My experience with mlir-reduce (original) (raw)

I wrote a mlir-reduce tool for a downstream dialect. It seems that using the reduction-tree pass, almost no reducing occurs out of the box. I decided to write some RewritePatterns and register them with my dialect:

Replace operands with values defined earlier in the program with the same type
Remove operations with no uses
Remove optional attributes

On small programs, this seems to be okay at reducing. But I was really surprised that we didn’t do this out of the box. These all seem like patterns that are generic enough to be shared across all dialects. I didn’t see any “shared patterns” checked into the repo. Did I miss something?

Next, I encountered some real-world-sized programs and I’ve noticed that the reduction times are unbearably slow, to the point that I could reduce it faster by hand.

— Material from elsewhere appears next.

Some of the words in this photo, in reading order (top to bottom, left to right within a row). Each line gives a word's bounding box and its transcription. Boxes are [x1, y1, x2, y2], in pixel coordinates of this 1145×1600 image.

I thought it would be a good idea to write two new patterns:

Reduce the module to contain the first N / 2 operations (and some extra work to add a new terminator)
Reduce the module to contain the second N / 2 operations (and some extra work to make sure all uses on the second half were live in)

I noticed that I kept running into the Reduced module is not interesting message in ReductionTreePass’s findOptimal function. I’m not sure why this is happening, since the three patterns I mentioned at the start are still registered, and those are capable of reducing the module at least one time.

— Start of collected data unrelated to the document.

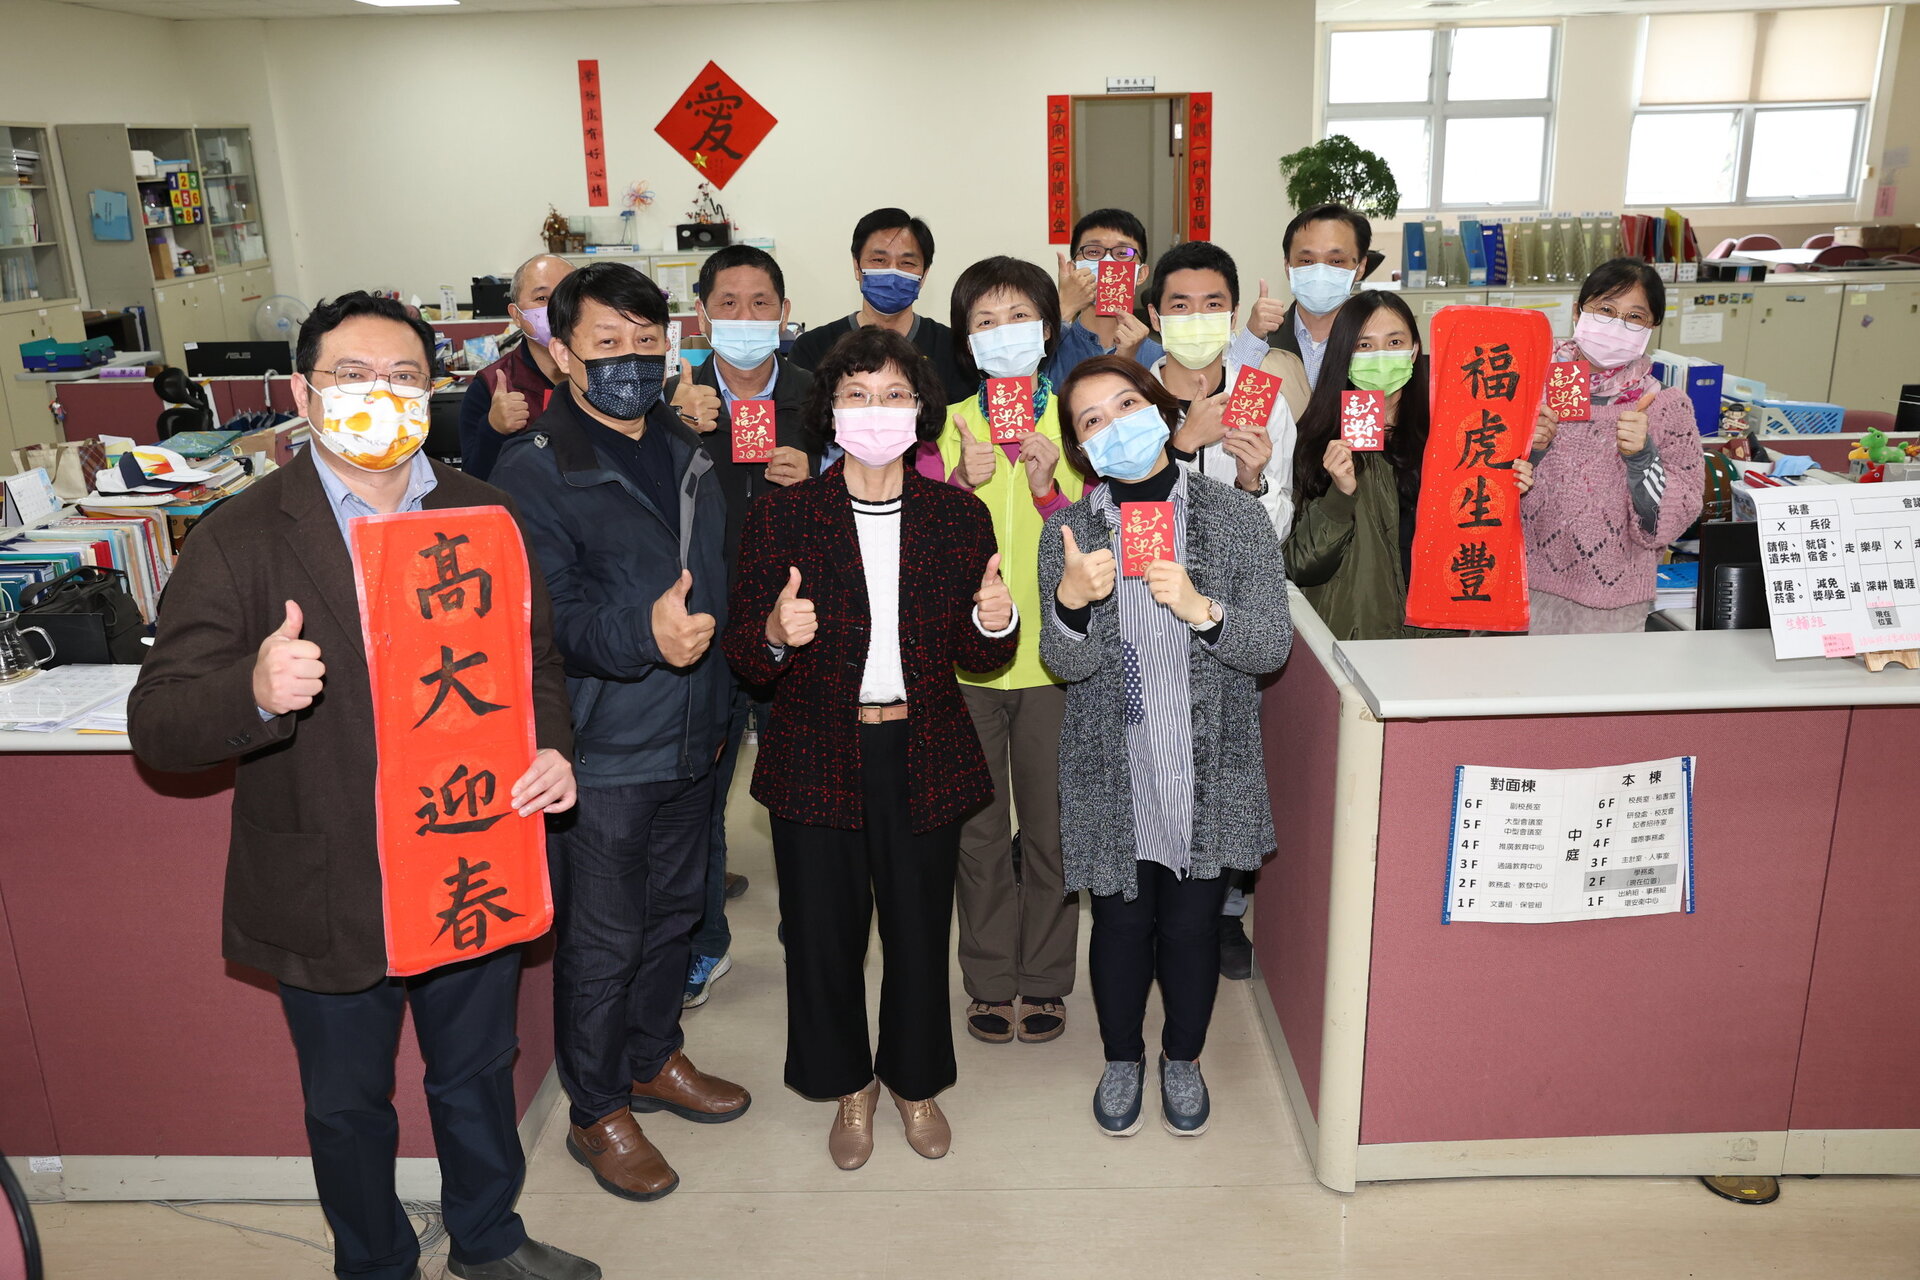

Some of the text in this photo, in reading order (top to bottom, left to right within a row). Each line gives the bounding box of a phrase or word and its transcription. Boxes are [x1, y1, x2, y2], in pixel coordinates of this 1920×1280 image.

[684, 81, 744, 160] 愛
[170, 175, 197, 188] 1 2 3
[173, 192, 199, 205] 4 5 6
[185, 210, 192, 222] 8
[1450, 343, 1522, 602] 福虎生豐
[1788, 504, 1810, 515] 秘書
[1810, 518, 1831, 530] 兵役
[1860, 540, 1882, 553] 樂學
[1769, 552, 1801, 564] 遺失物
[1816, 577, 1839, 589] 減免
[1866, 580, 1888, 592] 深耕
[1893, 578, 1916, 590] 職涯
[1813, 588, 1846, 601] 獎學金
[1875, 610, 1891, 618] 現在
[1878, 618, 1893, 626] 位置
[410, 532, 527, 951] 高大迎春
[1489, 777, 1537, 793] 對面棟
[1509, 802, 1542, 811] 副校長室
[1504, 818, 1544, 826] 大型會議室
[1503, 828, 1543, 836] 中型會議室
[1630, 833, 1666, 844] 國際事務處
[1498, 843, 1545, 851] 推廣教育中心
[1565, 828, 1582, 862] 中庭
[1497, 862, 1543, 870] 通識教育中心
[1633, 867, 1655, 876] 學務處

I’m wondering if anyone has found an approach to “bulk reduce”, similar to the binary search approach I describe here? Alternatively, is there something that I’m missing in order to get the binary search approach working?

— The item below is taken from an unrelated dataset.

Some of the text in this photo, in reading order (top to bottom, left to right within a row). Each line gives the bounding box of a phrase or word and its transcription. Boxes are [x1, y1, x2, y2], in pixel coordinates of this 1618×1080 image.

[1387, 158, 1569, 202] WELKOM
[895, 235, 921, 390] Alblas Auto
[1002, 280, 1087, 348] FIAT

I think it is an easy addition (well for no uses, I think you can register canonicalize as one of the patterns and it would do that for you, although you probably want this on invalid IR too). And unfortunately just not added - some local patterns were added for a domain, downstream and these simple ones not noticed as it did a good enough job. None of these were upstreamed as they were too specific and also a little bit half baked.

I think another simple one was: just mark some of the functions extern. So one can drop their entire body, no need for constants etc. And often still sufficient to repro error.

I actually thought one of the iteration settings did some of these … But I may also be conflating it with the other delta debugging one (which could actually be executed as one of the tactics here as it is effectively a pass).

I wonder: should we perhaps just have a repro somewhere with a test instance that is interesting and then try a few patterns there?